Example 12 When carrying out the separation as in Example 1 with crude 1-Methy1-4-amino-5-chloro-pyridazon- (6) (90% 4-amino-5-chloro compound; 10% 4-chloro-5-amino compound) 84.8 parts of 1-Methy1-4-amino-5-chloropyridazon- (6) of melting point 203 to 2040 ° C. are obtained (98 to 99 percent). Distillation of the filtrate gives 8 parts of 1-methyl-4-chloro-5-aminopyridazon- (6) of melting point 111 to 1130 ° C. (recrystallized from ethanol).

Example 13 When carrying out the separation as in Example 1 with crude 1-Benzyl-4-amino-5-chloro-pyridazon- (6) (75% 4-amino-5-chloro compound; 23% 4-chloro-5-nmino compound) 72.8 parts of 1-benzyl-4-amino-5-chloro-pyridazon- (6) of melting point 220 to 2210 ° C. are obtained (98 to 99 percent). Concentration of the filtrate gives 18 parts of 1-benzyl-4-chloro-5-aminopyridazon- (6) of melting point 107 to 1080C (recrystallized from ethanol).

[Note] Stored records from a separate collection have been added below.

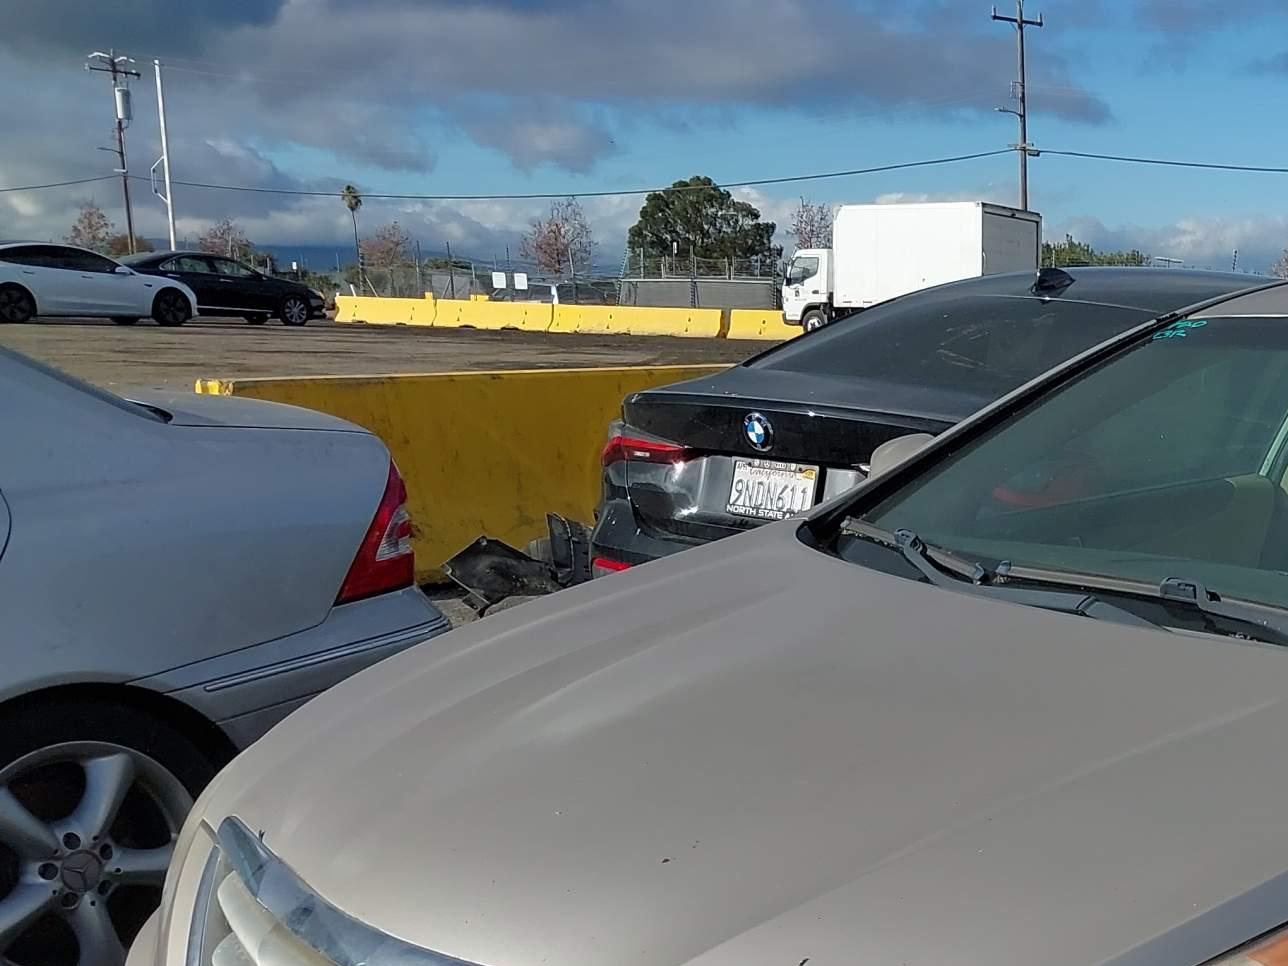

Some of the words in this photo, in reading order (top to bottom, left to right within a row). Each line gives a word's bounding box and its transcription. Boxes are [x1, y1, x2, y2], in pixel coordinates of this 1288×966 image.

[732, 479, 808, 511] 9NDN611
[726, 504, 757, 516] NORTH
[758, 509, 783, 519] STATE
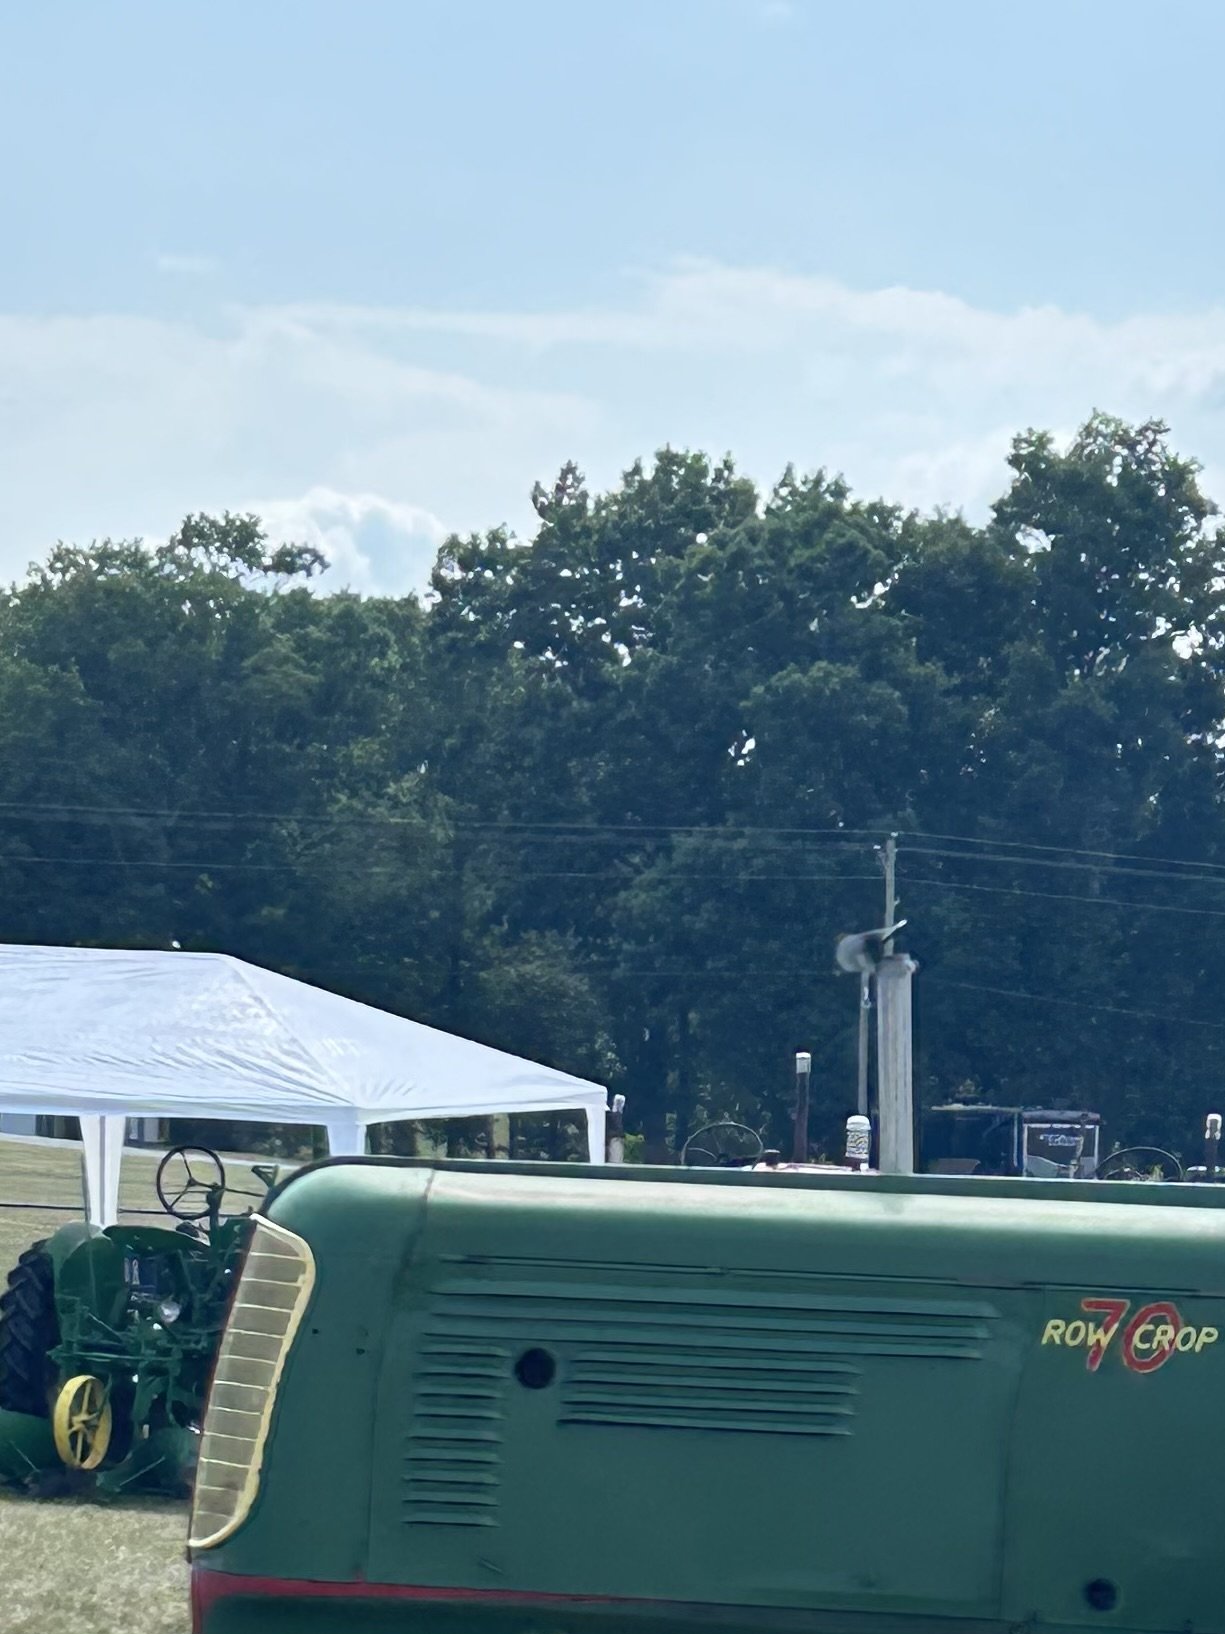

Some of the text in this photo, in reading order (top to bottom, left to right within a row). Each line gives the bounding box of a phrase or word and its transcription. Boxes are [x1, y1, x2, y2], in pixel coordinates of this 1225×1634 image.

[1041, 1318, 1219, 1353] ROW CROP
[1081, 1297, 1183, 1373] 70

Example 14 When the separation is carried out as in Example 1 with crude 1 -Cyclohexyl-4-amino-5-chloro-pyridazon- (6) (75 * 4-amino-5-chloro compound; 19 % 4-chloro-5-amino compound) one receives 63.5 parts of 1-cyclohexyl-4-amino-5-chloropyridazon- (6) from m.p. 219 to 2210C (98 percent). Concentration of the filtrate gives 15 Parts of 1-cyclohexyl-4-chloro-5-aminopyridazon- (6) of melting point 96 to 980 ° C. (recrystallized from cyclohexane).

Example 15 When the separation is carried out as in Example 1 with crude 1 - (m-Trifluoromethyl-phenyl) -4-amino-5-bromo-pyridazone- (6) (79% 4-amino-5-bromo compound; 9% 4-bromo-5-amino compound) one receives 73.2 parts of 1- (m-trifluoromethyl-phenyl) -4-amino-5-bromopyridazon- (6) of m.p. 174 to 1760C (99 percent).

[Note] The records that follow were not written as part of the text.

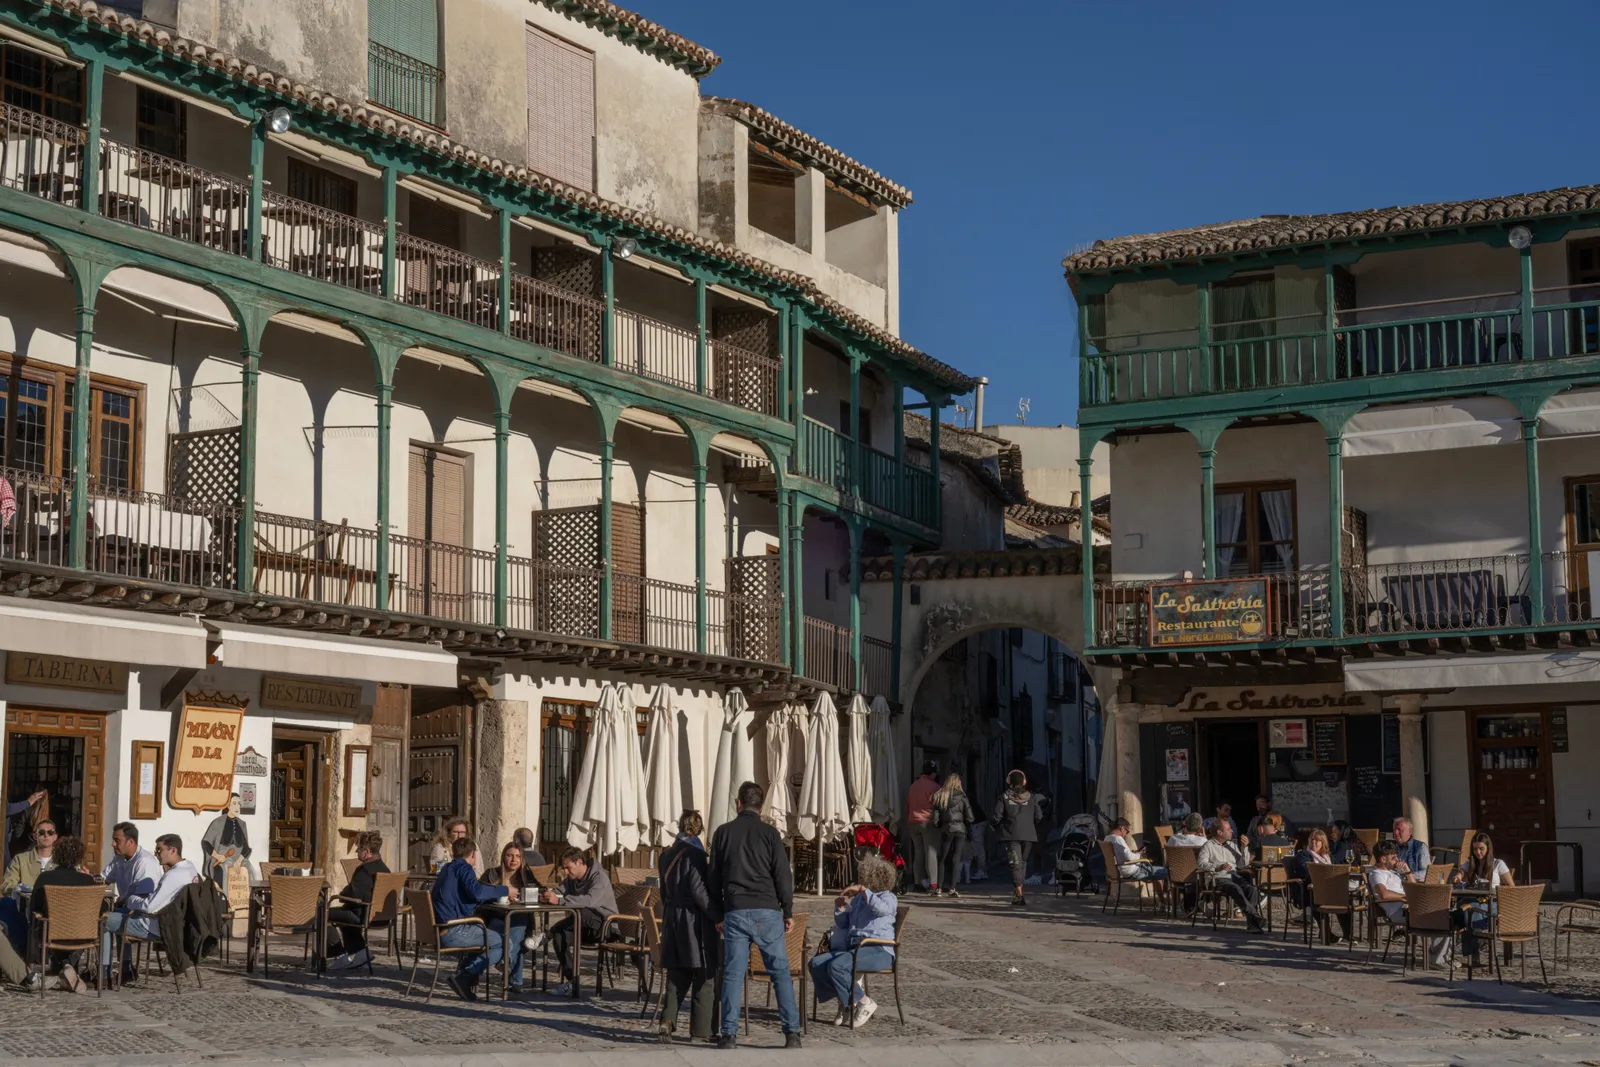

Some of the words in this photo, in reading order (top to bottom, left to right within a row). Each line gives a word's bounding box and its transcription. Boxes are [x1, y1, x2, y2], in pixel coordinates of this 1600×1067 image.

[1154, 592, 1177, 608] La
[1177, 594, 1264, 614] Sastrería
[1158, 619, 1239, 631] Restaurante
[24, 657, 113, 685] TABERNA
[267, 683, 358, 709] RESTAURANTE
[1179, 691, 1222, 713] La
[176, 770, 233, 790] VIRREYNA

By concentrating the filtrate, 7 parts of 1- (m-2rifluoromethyl-phenyl) -4-bromo-5-aminopyridazon- (6) are obtained of melting point 146 to 1470 ° C. (recrystallized from ethanol).

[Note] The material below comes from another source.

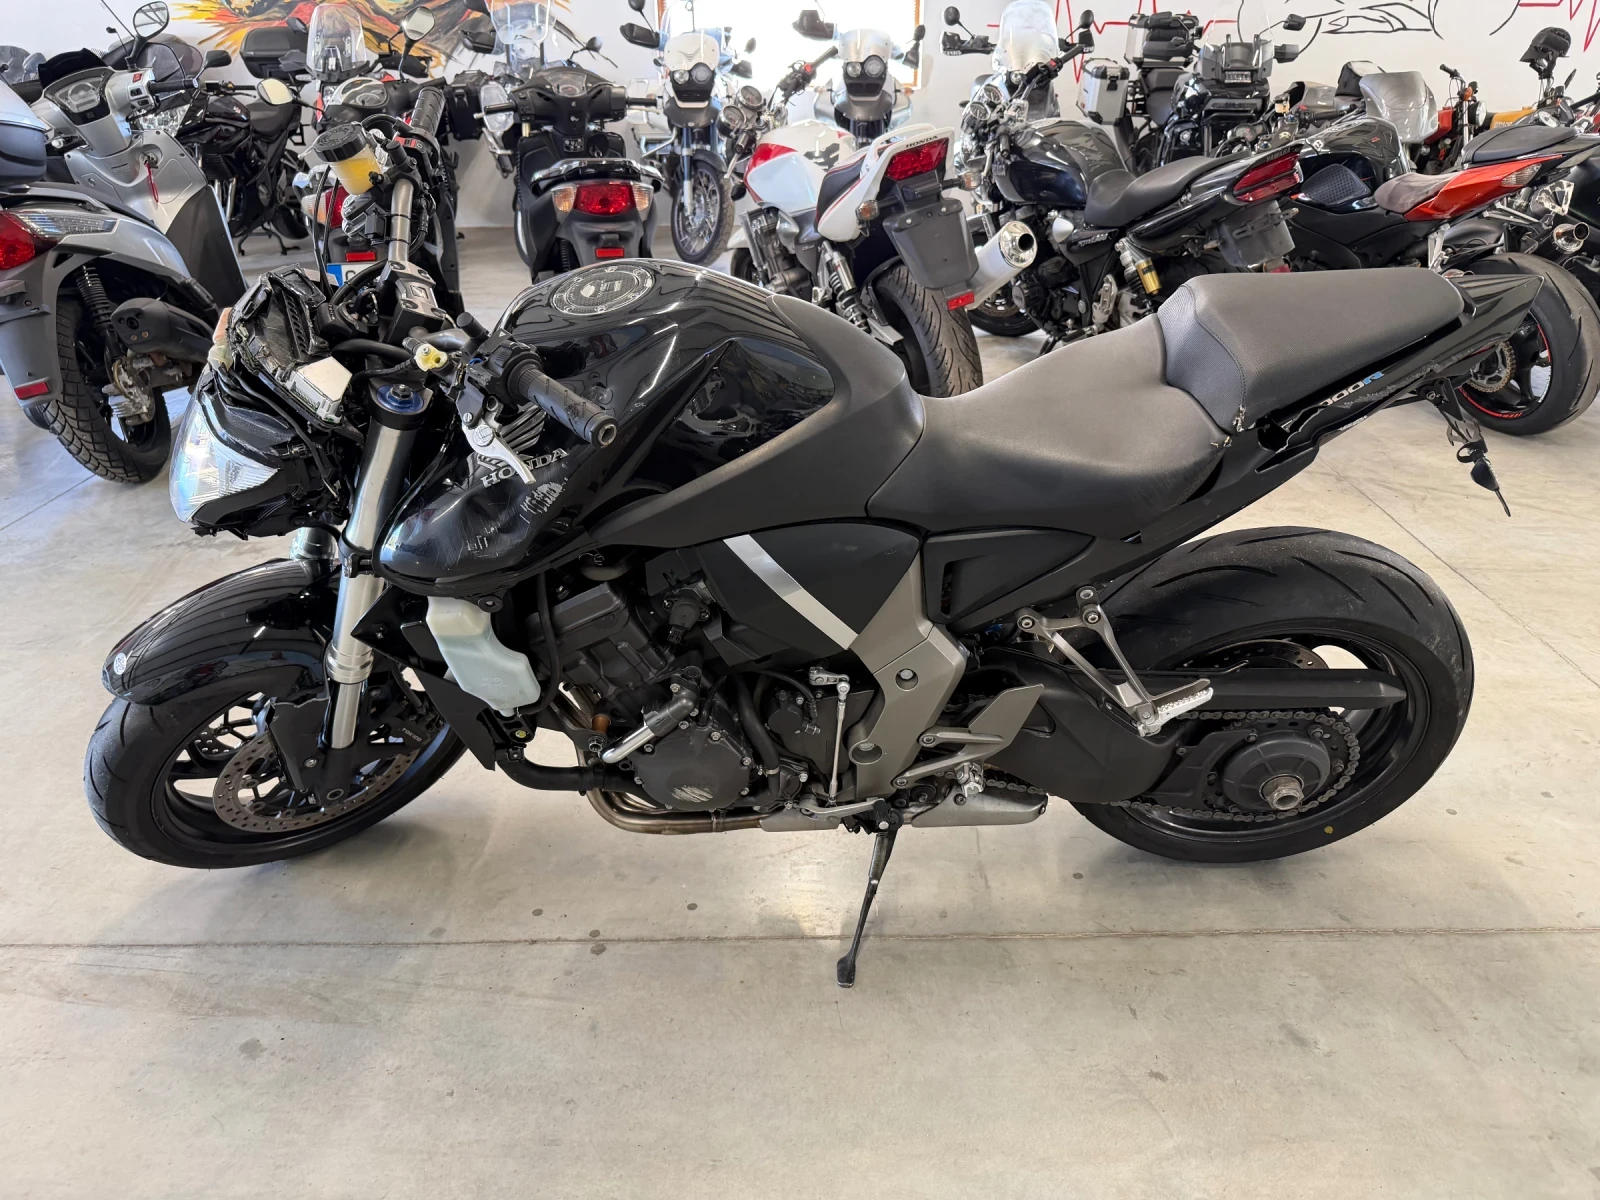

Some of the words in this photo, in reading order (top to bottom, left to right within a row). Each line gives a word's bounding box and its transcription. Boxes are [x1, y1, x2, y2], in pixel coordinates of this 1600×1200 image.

[905, 135, 938, 148] HONDA
[1266, 147, 1291, 162] YAMAHA
[402, 727, 422, 742] TOKICO

Example 16 When carrying out the separation as in Example 1 with crude 1- (p-Methylphenyl) -4-methylamino-5-chloro-pyridazon- (6) (88 to 90% 4-methylamino-5-chloro compound; 10 to 12% 4-chloro-5-methylamino compound) gives 79.2 parts of 1- (p-methylphenyl) -4-methylamino-5-chloro-pyridazon- (6) from m.p. 208 to 21,000 (99 percent). Concentration of the filtrate gives 8.5 Parts 1 - (p-methylphenyl) -4-chloro-5-methylamino-pyridazon- (6) from m.p. 175 to 17600 (recrystallized from ethanol).

Claims (2)

Claims (; Process for the preparation of pure 4-amino-5-halopyridazones- (6) of the general formula where R1 denotes an aliphatic, cycloaliphatic, araliphatic or aromatic radical, R2 denotes a hydrogen atom or an aliphatic radical and X denotes a halogen atom, by separation from its isomeric 5-amino-4-halo-pyridazonen- (6) of the general formula wherein R1, R2 and X have the aforementioned meaning, from mixtures of the two substances with the aid of extraction with solvents, characterized in that the 5-amino-4-halo-pyridazone- (6) II is obtained by extraction with aliphatic halogenated hydrocarbons, alkanols and / or separates ether. 2. The method according to claim 1, characterized in that according to the extraction of the 4-amino-5-halogen-pyridasone- (6) II from the extract in known Way.